Мой лучший друг товарищ Сталин - Эдвард Радзинский
Шрифт:
Интервал:
Закладка:
Они вывалили на пол всю переписку. Я сказал:
— Осторожнее, пожалуйста, здесь есть письма ко мне товарища Сталина, а вы их топчете сапогами.
Надо было видеть их ужас! Как я и ожидал, тотчас стали милостивы.
Попросил позвонить жене — позволили:
— Только без подробностей.
Я набрал дачу и сообщил:
— Я… уезжаю.
— А у нас… уборка, — проговорила она потерянно.
Значит, на даче тоже шел обыск.
— Все будет хорошо. Надеюсь, скоро увидимся. Я тебя люблю. Поцелуй Майю.
— Она уехала в Тбилиси…
Успела! Я немного успокоился.
Мы спустились на улицу. Везли без особых почестей, в стандартном «черном воронке» (обычный ГАЗ-61, переделанный в дни массовых арестов для нужд родной Лубянки). Я уселся на скамейку, ноги уперлись в перегородку шоферской кабинки. В ней — «глазок». В нем — морда сопровождающего. Время от времени он смотрел на меня…
Машина подъехала к Лубянке. Знакомый подъезд, куда я входил бессчетное количество раз, — с часовыми, гранитными знаменами и гербами, глядевшими на Лубянскую площадь. Теперь у меня с этим зданием вновь возникали иные отношения…
Мимо подъезда проехали к «тем» воротам. Я услышал грохот. Раздвинулись стальные створки, и меня ввезли во двор. Здесь был вход в скрытую от посторонних глаз внутренность нашего здания… Я забыл описать раньше это секретное чрево, в котором уже побывал. Оно редко кого выпускало назад — на волю. Тюрьма была тайным сердцем Лубянки. И все эти кабинеты, глядевшие окнами на улицу, служили как бы обрамлением, декорацией того, что скрывалось во дворе, — секретной внутренней тюрьмы.
Вышел из машины — «Руки за спину». Во дворе пахло гарью. Как потом узнал — жгли архивы. Меня привели в знакомый подвал. Последовала уже известная мне процедура. «Раздевайтесь!» Потом голого — в знакомый, цементный, беспощадный закуток. Ледяной душ. Несмотря на лето, холод пробирал до костей.
— Вытирайся, — уже на «ты»…
Серое полотенце с биркой «Внутренняя тюрьма». Усадили на стул. Человек в форме, но без погон, молча обрил наголо.
Одеваться не велели, вошла докторша:
— Повернитесь.
И пальцем в задний проход. Этот осмотр придумал еще Ягода — не пронес ли я что-нибудь в жопе, не запрятал ли там какую-нибудь ампулу с ядом, чтобы убежать от предстоящих радостей нашего ада. Из этих же соображений одежду вернули без ремня, ботинки — без шнурков. В заботе, чтобы я не сумел удавиться… Сняли отпечатки пальцев, дали подписать квитанцию о взятых вещах. Забрали очки.

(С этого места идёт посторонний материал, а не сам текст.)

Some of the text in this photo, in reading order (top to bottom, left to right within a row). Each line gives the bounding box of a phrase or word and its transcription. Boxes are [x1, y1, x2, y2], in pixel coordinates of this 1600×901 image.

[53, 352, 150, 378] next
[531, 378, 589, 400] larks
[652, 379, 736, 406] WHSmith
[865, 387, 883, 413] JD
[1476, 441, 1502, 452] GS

Так возобновилась моя тюремная жизнь.
Открылась дверь одной из одиночных камер. В камере — все та же железная койка, накрытая тонким тюфяком, маленький стол с лубянским тюремным «сервизом»: алюминиевая тарелка, кружка, ложка. Камера узкая, шириной около полутора метров, длиной около трех метров, с противоположной от двери стороны, под самым потолком — зарешеченное окно с покатым подоконником во всю толщу стены. Справа от двери — зарешеченная батарея центрального отопления. И огромное преимущество одиночки: в стене напротив койки — кран с крохотной полукруглой раковиной и стульчак (параша). (Я понял: опять не оставил меня своими заботами друг мой Коба.)

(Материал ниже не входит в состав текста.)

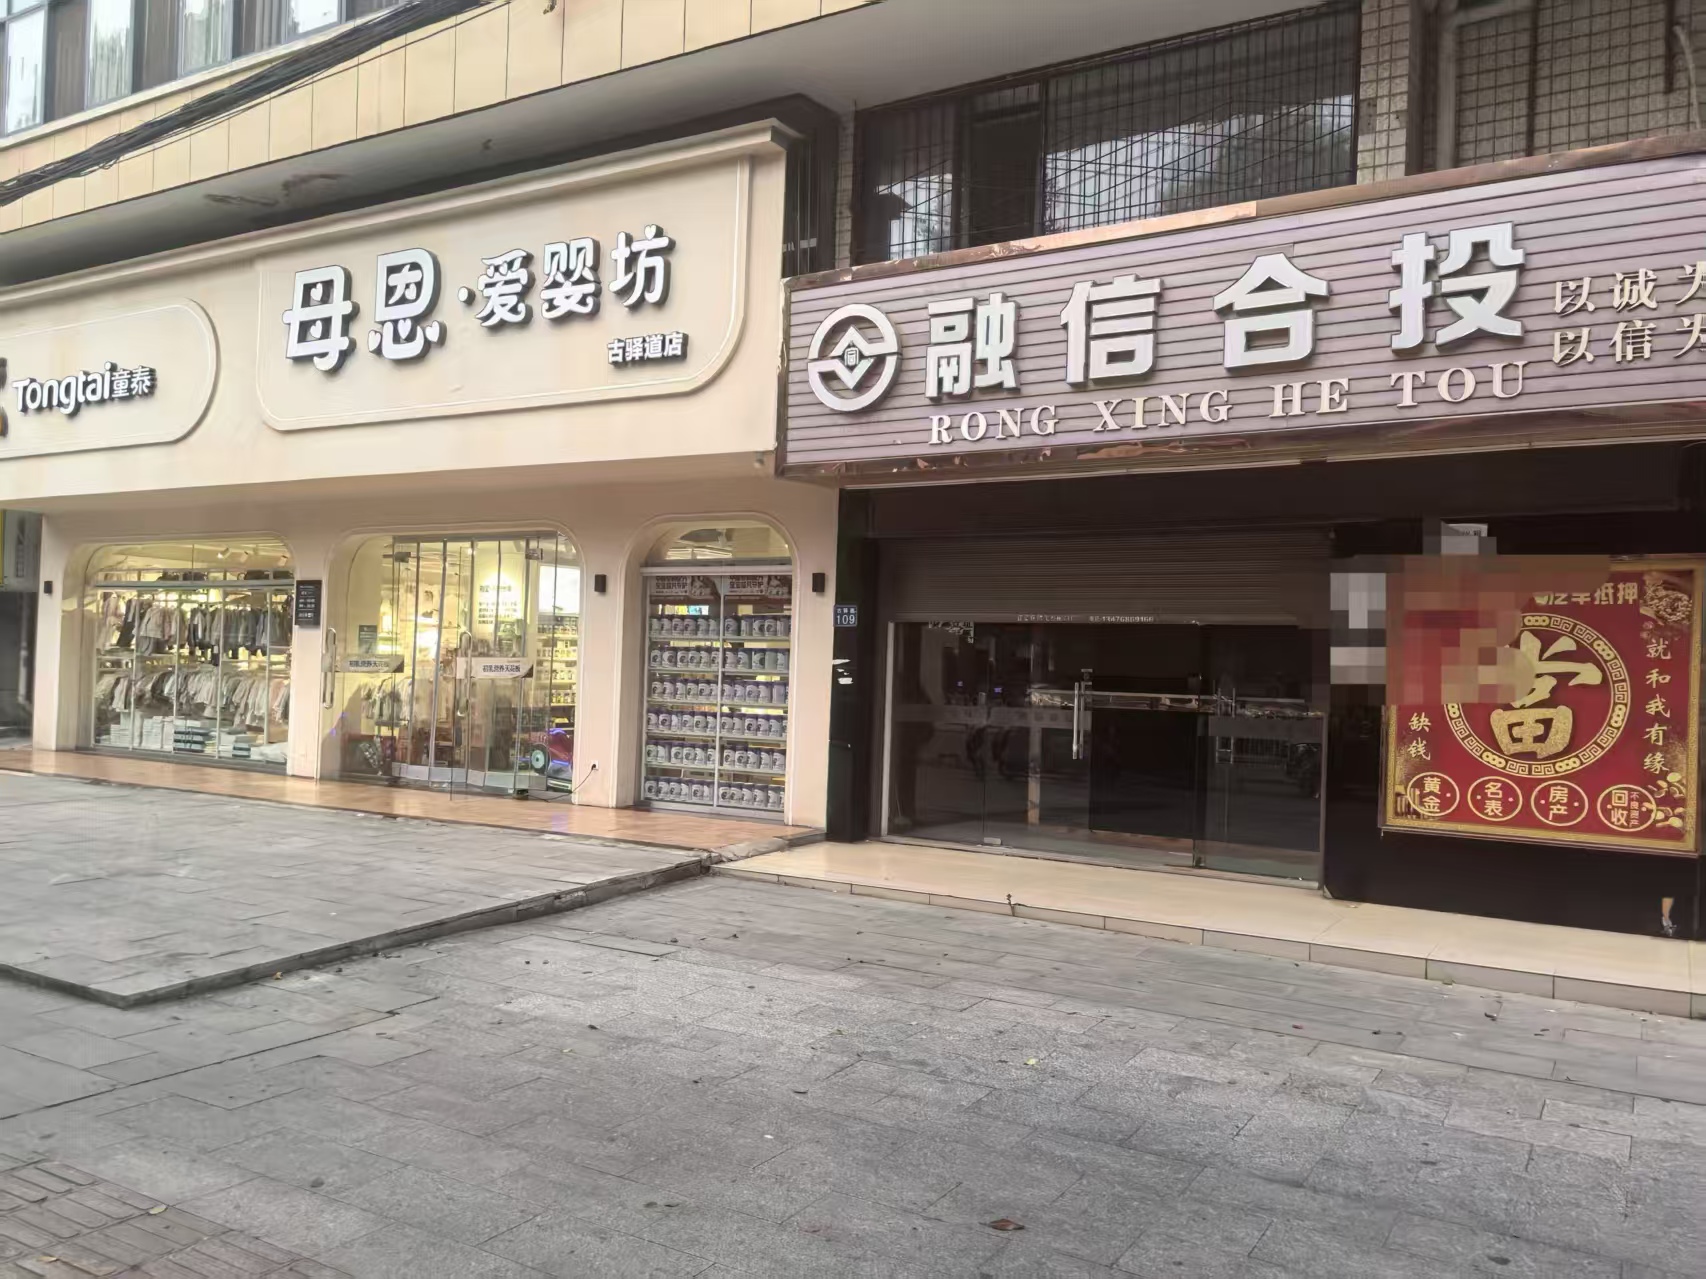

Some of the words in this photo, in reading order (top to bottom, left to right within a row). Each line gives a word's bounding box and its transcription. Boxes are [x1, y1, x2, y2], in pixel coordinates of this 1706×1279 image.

Тюремная тишина, лишь шарканье за дверью надзирателя и иногда — щелчок дверного глазка, а в нем — надзирательский глаз…
Наступила ночь. Я знал обычай, появившийся во времена Ежова: ждут, пока засну. Тогда тотчас разбудят, поведут на допрос. Но меня никто не тронул.
Прошло… не представляю, сколько… может, месяц, может, больше. Никто меня не вызывал, одни сводящие с ума мысли: что с моими? как идет война? идет ли?..
Всегда одно и то же: в шесть утра — подъем. Дальше два часа безделья, но спать не дают. На Лубянке нет «кормушек» (прорези в дверях камер со створкой, которая падает, образуя столик). В восемь открывается дверь, и надзиратель молча подает обычный «завтрак» — пайку (непропеченный хлеб, наполовину из картофельных очисток) и плескает кипяток из ведра в ваш чайник. Но к нему два кусочка сахара — лубянская роскошь. Днем кашица на воде…
В девять утра — проверка. Прогулка — двадцать минут в сыром лубянском дворике, затаившемся между высоких стен, этаком петербургском колодце. Так положено для камер в нижних этажах…
Я уже сходил с ума, когда однажды ночью шумно вошел надзиратель:
— На выход!
Какая это была радость — меня вели мучить, но зато кончилась пытка одиночкой… Мы шли… Повторение пройденного: через бесконечные переходы и пролеты меня вел выводящий (конвоир).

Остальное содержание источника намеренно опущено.